Paste: I like the word “dream.” I feel like there’s a dreamlike quality to the film, even though I think it’s very real. There’s a battle between what the boys want, what their hopes and their fantasies are, and kind of the crushing weight of what real life and adulthood is like. I thought of this as a real-world fantasy.
Sachs: Well, I haven’t heard that, and it’s interesting to me, because I think really what I did think about was the dreamy quality of cinema, of movies. This is a movie movie. Its register is in an authentic realism. It has flights of cinematic fancy that are, to me, partially what the movie is also about. I think of movies like The 400 Blows, or The Red Balloon—that was an important movie to me. You care about the image, and it has beauty, and simplicity, honesty, all those things. Aesthetically, I think it’s a modernist film. It has very clean lines. It’s not over-adorned. There’s a simplicity of focus that I’m excited about. And it wasn’t easy to get to. The same way with modernist architecture, it’s not easy to get to minimal.

Paste: The more minimal you get, the harder it gets, because if there’s anything that’s off, it really registers.
Sachs: So I give a lot of credit to my editors, Affonso Gonçalves and Mollie Goldstein, in the sense that we really had to refine the film to its finest form—as you always do. But this film, as I said, it didn’t have a lot of fat.

Paste: Someone once told me that great art only includes what’s necessary. Everything here feels necessary. To the actual aesthetic of the movie, I see it as there are three characters: The cast of characters, of course, New York City itself, and Óscar [Durán], your cinematographer. His camera feels like, in some ways, the most significant character in the entire film.
Sachs: I’m so glad you said that, and I agree, and it’s almost hard for me to put my—I’m articulate about a number of things, particularly in cinema, but to describe what he brought is … I would say one of the things he brought is a kind of rigor without being cold. He’s a very warm person, but he doesn’t shy away from analysis, and he doesn’t shy away from taking risks visually. It’s an art film grounded in story, and yet I hope it’s still aesthetic in a way that makes it like an object, if that makes sense.

Paste: Yeah, I think I understand where you’re going with that.
Sachs: I mean, specifically what was compelling about Óscar’s work before this, and I think we were both connected on, was the medium shot, the place of that as a way of telling stories.

Paste: I think it suits very well here.

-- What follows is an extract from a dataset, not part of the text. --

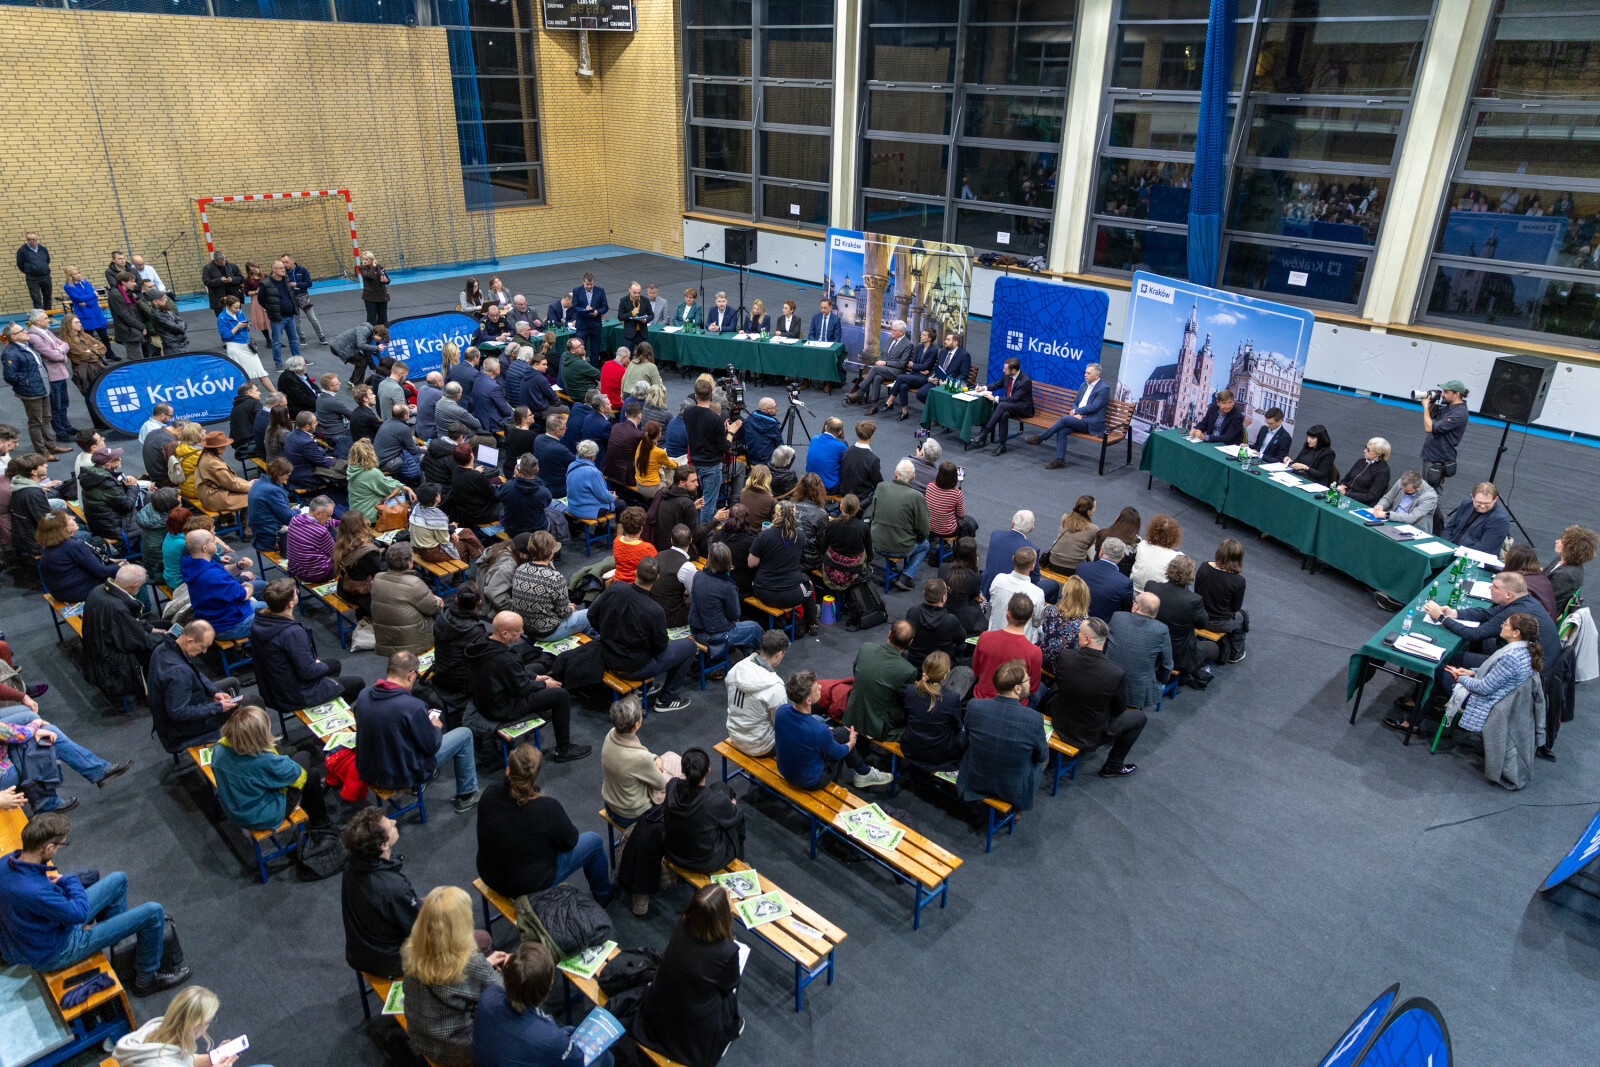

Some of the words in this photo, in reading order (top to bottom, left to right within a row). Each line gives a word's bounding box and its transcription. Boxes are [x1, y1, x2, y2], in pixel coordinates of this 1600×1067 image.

[842, 240, 861, 249] Kraków
[1149, 287, 1170, 298] Kraków
[1028, 337, 1083, 361] Kraków
[146, 375, 235, 404] Kraków

You were talking about Óscar taking risks—I feel that, but I don’t know if it’s something that I would necessarily recognize as risk when I’m watching it, even if it’s just a shot of the kids all hanging out in a circle. You can’t really hear the dialogue, you don’t quite know what they’re talking about, but you’re there.
Sachs: I’ll tell you what the risk is: It’s to make choices and stick with them, and not to protect yourself and overshoot, not to shoot 16 different options when only 1 was necessary. I think that creates a sense of real confidence, when you watch the film, in the visual choices.

Paste: I think “confidence” was one of the notes that I took while I was watching. Where did you meet up with him?
Sachs: You know, he had made a film called … how’s your Spanish? Mine’s pretty bad—Gente de bien [Decent People]. He’s from Spain, but it was actually about children in Columbia, so it had kids in the film, but it was totally aesthetically different from this film. He shot three films for a Spanish director named Jaime Rosales, which, I just watched them and was like, “I want that guy.” Just the way they were shot, the quality of the image—which is generally how I work. I want to be able to see a cinematographer shooting something that looks just like what I want it to.

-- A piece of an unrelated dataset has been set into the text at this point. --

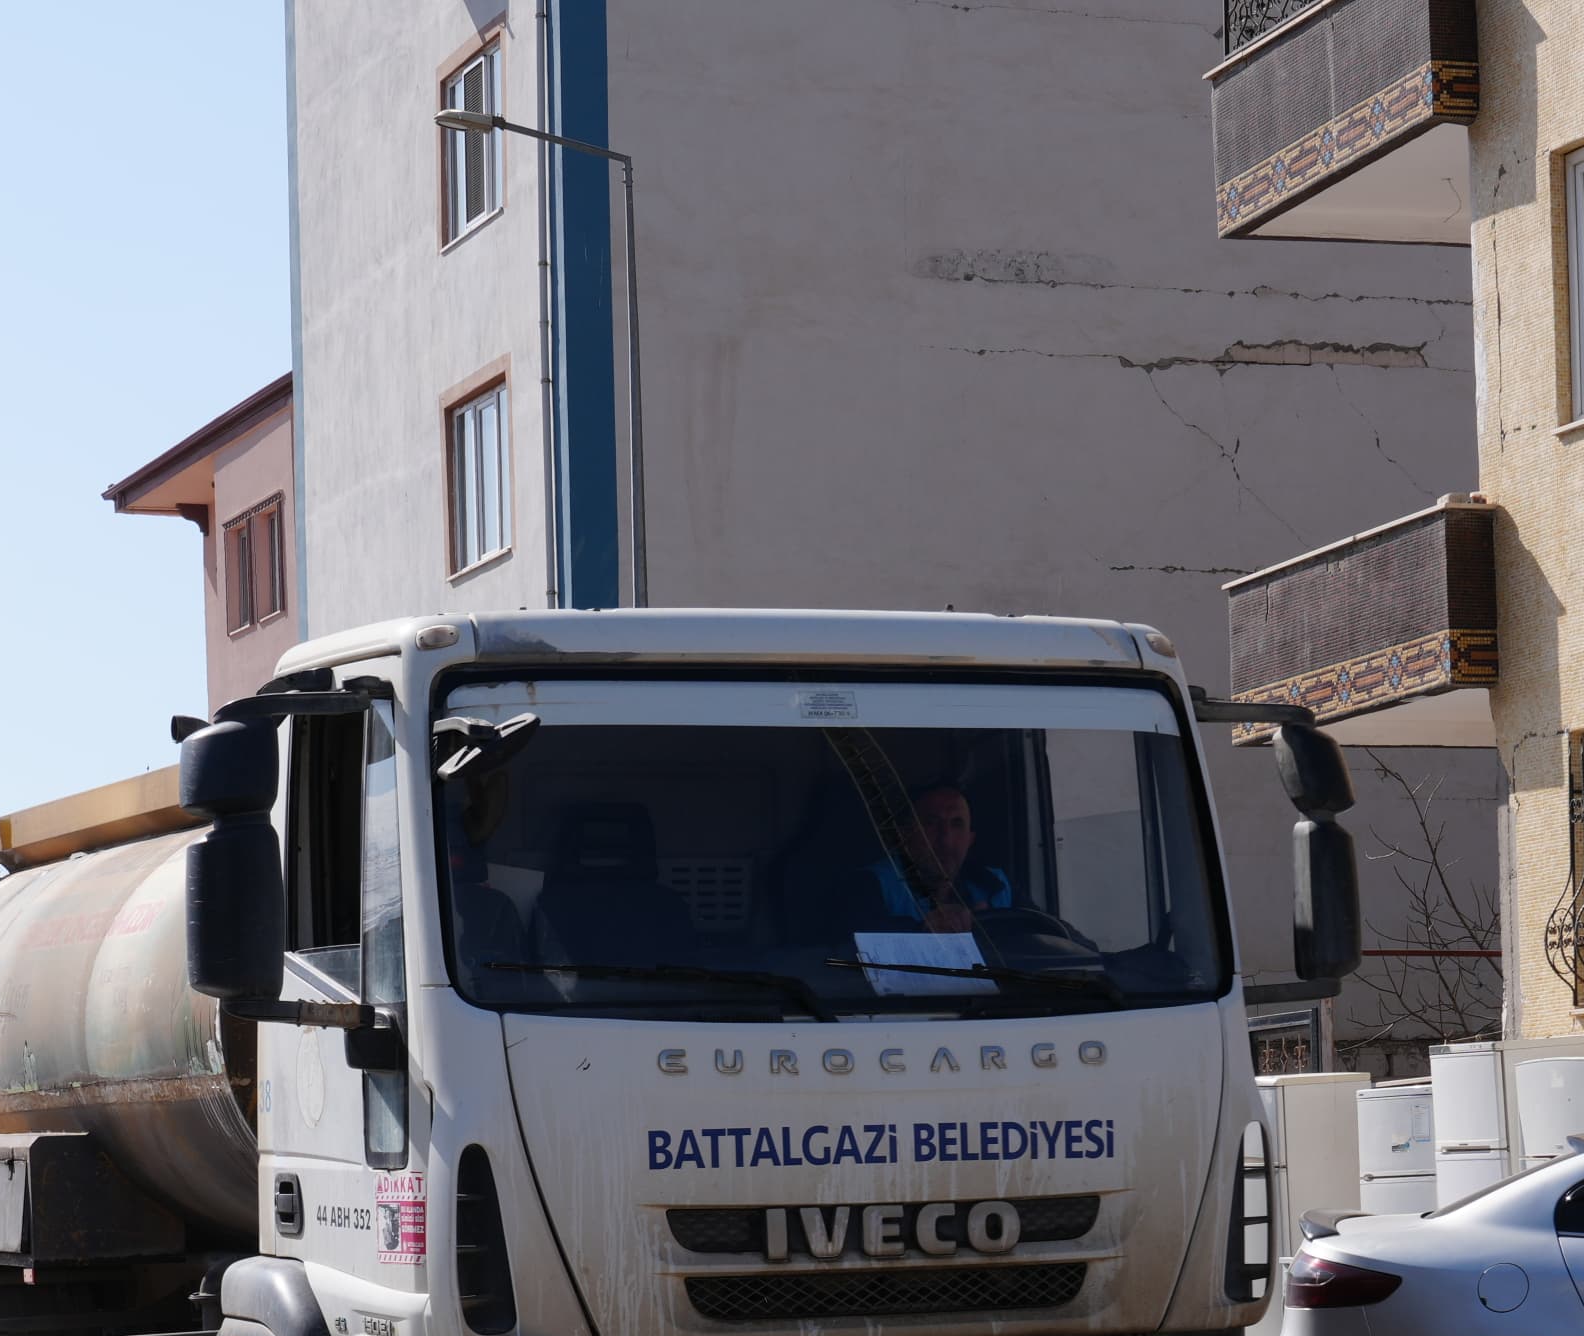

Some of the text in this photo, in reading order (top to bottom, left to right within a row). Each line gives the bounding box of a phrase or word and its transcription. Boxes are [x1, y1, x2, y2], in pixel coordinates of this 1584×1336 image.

[656, 1040, 1108, 1076] EUROCARGO
[647, 1119, 1114, 1170] BATTALGAZİ BELEDİYESİ
[316, 1205, 371, 1231] 44 ABH 352
[766, 1200, 1021, 1262] IVECO

Paste: Obviously I can’t see the movie through your eyes, but this feels like “vision achieved.” There’s a crispness to what we see in terms of the drama, the characters, and there’s a crispness in terms of what we see in New York City. And I feel like New York City, again, I mentioned that I felt like it was one of the characters in the movie—which is such a cliché thing to say, but so true. Was that important to you, that New York be highlighted?
Sachs: You know, it’s the city I know, and I think movies are an hour and a half, two hours; they’re a brief amount of time, and you try to pack as much life in there as possible, and life is really neighborhoods, communities, homes. I’ve made movies in Memphis, which is where I grew up, and New York, and that’s it, because those are the two places I’ve lived. I think it’s a New York movie because it’s filled with New York people, not just visually, not just the spaces, which are clearly the city, but it’s really the cast and all the extras in the background. For me, that’s where you make a movie—in those details.

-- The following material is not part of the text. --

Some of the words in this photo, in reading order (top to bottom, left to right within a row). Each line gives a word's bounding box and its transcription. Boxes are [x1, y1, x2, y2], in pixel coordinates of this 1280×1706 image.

Paste: I agree. I think that adds quite a lot to the movie.
Sachs: Yeah. I spent two months more working with Esmeralda Momferratou, who was my extras casting person, before we started production on the film. I spent more time working with her than anyone else on the crew, because to find those faces actually means you have to invest in those communities, in those worlds. In the funeral scene, those were the neighbors. They’re the mix of ethnic backgrounds from that neighborhood. When you’re in the acting scene, those kids are in acting classes. In the soccer scene, those kids all play soccer together in Brooklyn. It’s not like you just pick it out of nowhere. You dive in.

Paste: That’s inspiring. My favorite scene in the movie, probably gonna be a lot of people’s favorite scene, is Tony doing the acting exercise with his teacher. Did I hear correctly that—
Sachs: That is his teacher, yeah.

Paste: I think that’s really essential. I think establishing the reality of New York, whether it’s in the acting class or anywhere else, is essential to making the central point that you’re making, or to telling the story that you’re telling about this matter of gentrification in the city. We’ve been talking so long that I can’t remember if I’ve asked you this already, but is that an important issue to you personally?
Sachs: “Issue” implies that I feel that there’s a solution.

Paste: [laughs] Fair enough.
Sachs: I guess that I feel, as a film director, my job is to be a good storyteller and to be accurate in my observations. So I’m aware that cities are always in a state of evolution and flux, and that the effect of that is on people’s everyday lives. So that’s the story of our cities. Clearly there are things that happen in our cities that I wish didn’t, but that’s not the story of this film.

The other thing is, I think that it was important for me in terms of the drama of gentrification that I didn’t want to stack the cards in any one direction for the audience. Really you’re talking about the drama of the middle class, because these are not aristocrats versus the poor. It’s two families on both sides of the middle-class spectrum, and I think that’s why your allegiance shifts through the movie, and that’s what makes it dramatic and suspenseful. There’s suspense in this movie.

Paste: And there aren’t any good guys or bad guys. There are just people.
Sachs: No. But I think you have to actually as a filmmaker … You know, Patricia Highsmith is a big influence on me, because in every page, you know there is a problem, and you’re trying to figure out how it’s going to be solved. I think that’s what you need to do in any kind of movie, even if it’s a more realistic one.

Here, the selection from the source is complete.